The New Global Security for Your Enterprise

Whether you’re a member of an organization’s C-suite, a business unit manager, or a security practitioner operating in today’s global economic environment, it’s become imperative to have a broad, comprehensive view of risks facing the enterprise to proactively protect people, information, and assets and to create value. Risks — such as a cyber breach, changing regulatory environments, terrorism, corruption, large-scale involuntary migration, or the spread of infectious diseases — might seem distant impacts for your facility or community.  Yet their tolls on global employees, supply chain, and customers might be monumental.

And what about your “global” view inside your enterprise? Are you ensuring that all risk partners engage across the enterprise to provide a collective, collaborative view of risk? Are you still mired in a fractured, functional approach where HR oversees background checks, audit looks after investigations, legal has responsibility for compliance, finance handles fraud, and “security” means guards and gates? And yet, none of these functions ever talks to each other?
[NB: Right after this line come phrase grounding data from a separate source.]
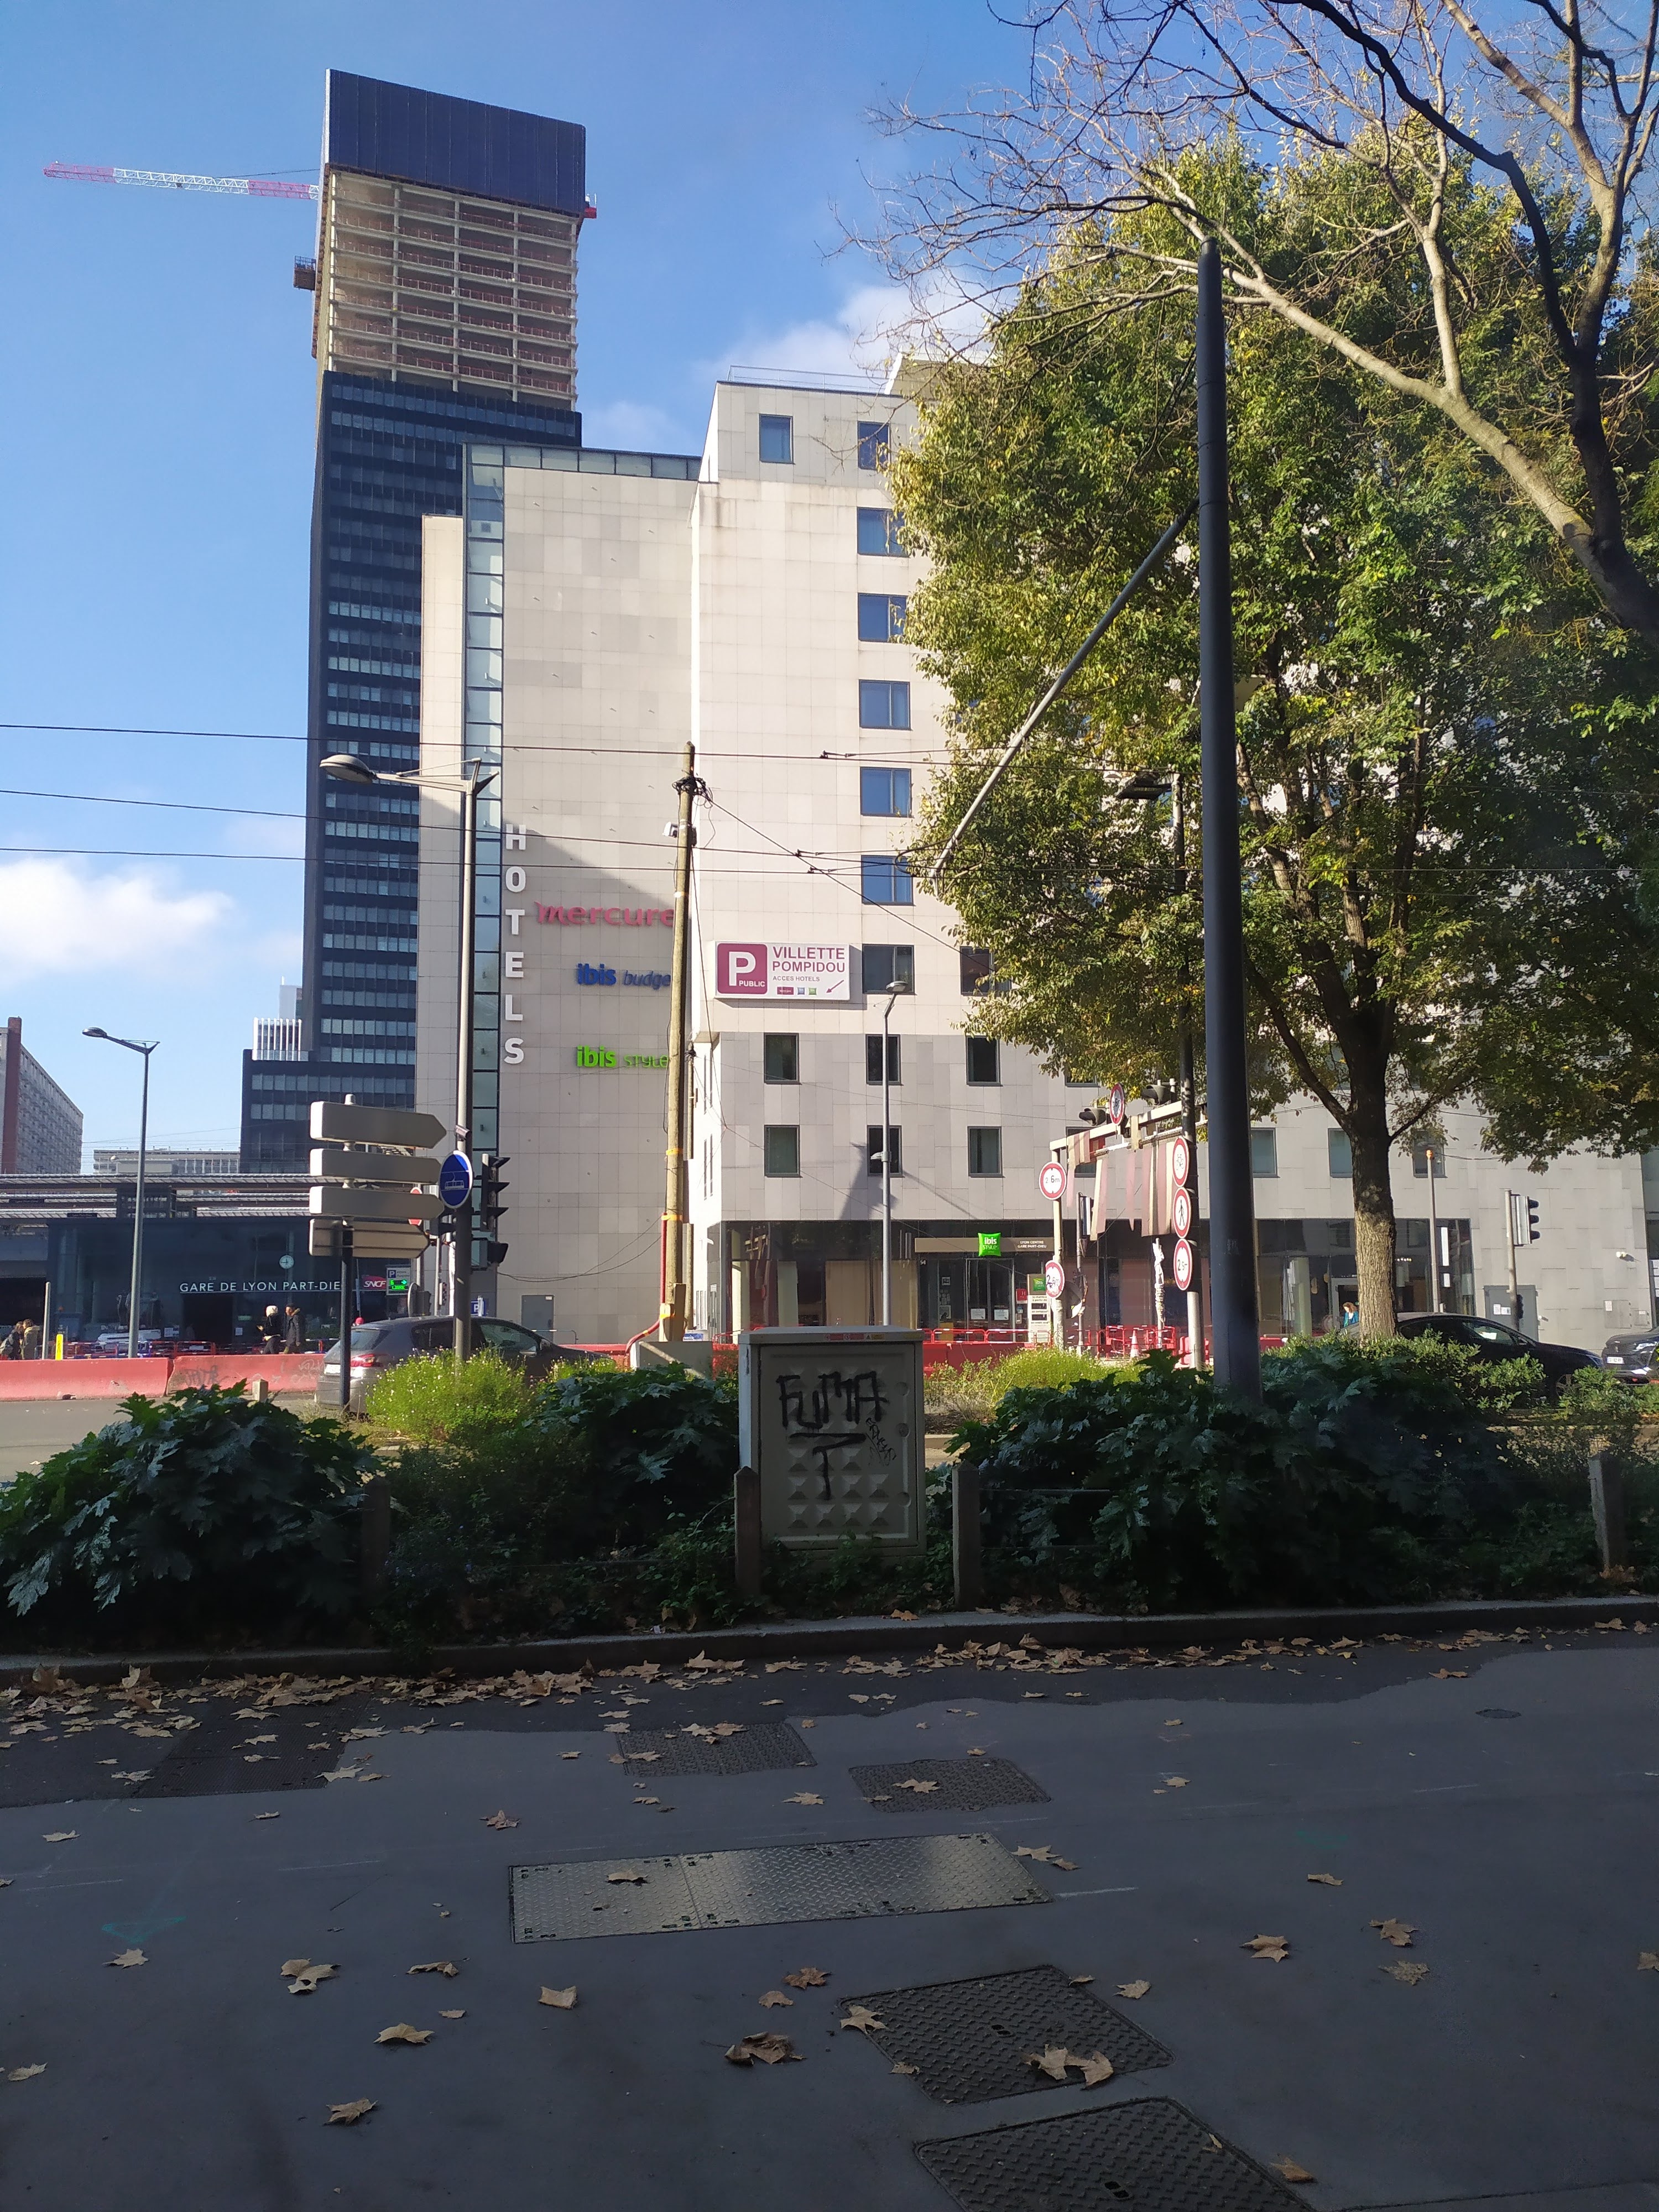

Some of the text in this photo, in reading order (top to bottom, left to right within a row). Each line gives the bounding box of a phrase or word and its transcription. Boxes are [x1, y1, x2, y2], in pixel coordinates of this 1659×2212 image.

[504, 824, 526, 1064] HOTELS
[773, 946, 845, 959] VILLETTE
[729, 951, 756, 987] P
[773, 961, 845, 973] POMPIDOU
[577, 963, 671, 990] ibis budge
[577, 1045, 669, 1068] ibis STYLE
[984, 1237, 997, 1245] ibis
[180, 1281, 341, 1292] GARE DE LYON PART-DIE
While risks facing global businesses today are accelerating in number and vigor, many business leaders and security professionals alike struggle to keep pace with effective risk management. The Global Security Risk Management Alliance (GSRMA) envisions changing that. We believe global security for the enterprise can no longer sit in a silo –organizationally or intellectually.  Our mission is simple: to provide an emerging and collective view for managing risks that threaten an enterprise. It’s a multi-faceted task:

  • An Enterprise Security Risk Management (ESRM) unified security framework for the governance and management of security-related risks must be in place. Reference various models cited in our recent study with the University of Connecticut: Security Governance: A Critical Component to Managing Security Risk.
  • Stakeholders, including the C-Suite, Board, and security team, need a dynamic, global vantage point for analyzing security-related risks and possible impacts.
  • The Chief Security Officer (CSO) and security team need to speak the language of business, manage risk instead of responding to events, and think vertically, horizontally, laterally, globally, and seamlessly. They must become better at defining their role and at times serve as catalysts in bringing together key players.
  • Effective methodologies that measure risk and the enterprise security risk maturity posture are critical to prevent wasting money, technology, or resources on solutions that aren’t really reducing risk. See GSRMA Co-founder Tim Williams’ piece on “Metrics and the Maturity Mindset.”
  • The next generation of security practitioners needs the framework and principles of ESRM embedded in its development.

At GSRMA, we want to work together to effect widespread adoption of unified security strategies and the systematic and practical application of ESRM risk principles.  We want to engage with you and keep the dialogue under way.

How do we organize or best govern to suit varied industries, cultures, geographies, business models, etc.? How does “security” collaborate more effectively with others across the enterprise? How do we better prepare the next generation of security practitioners and business leaders to embrace ESRM as fundamental to best business practices?

We look forward to exchanging ideas with you.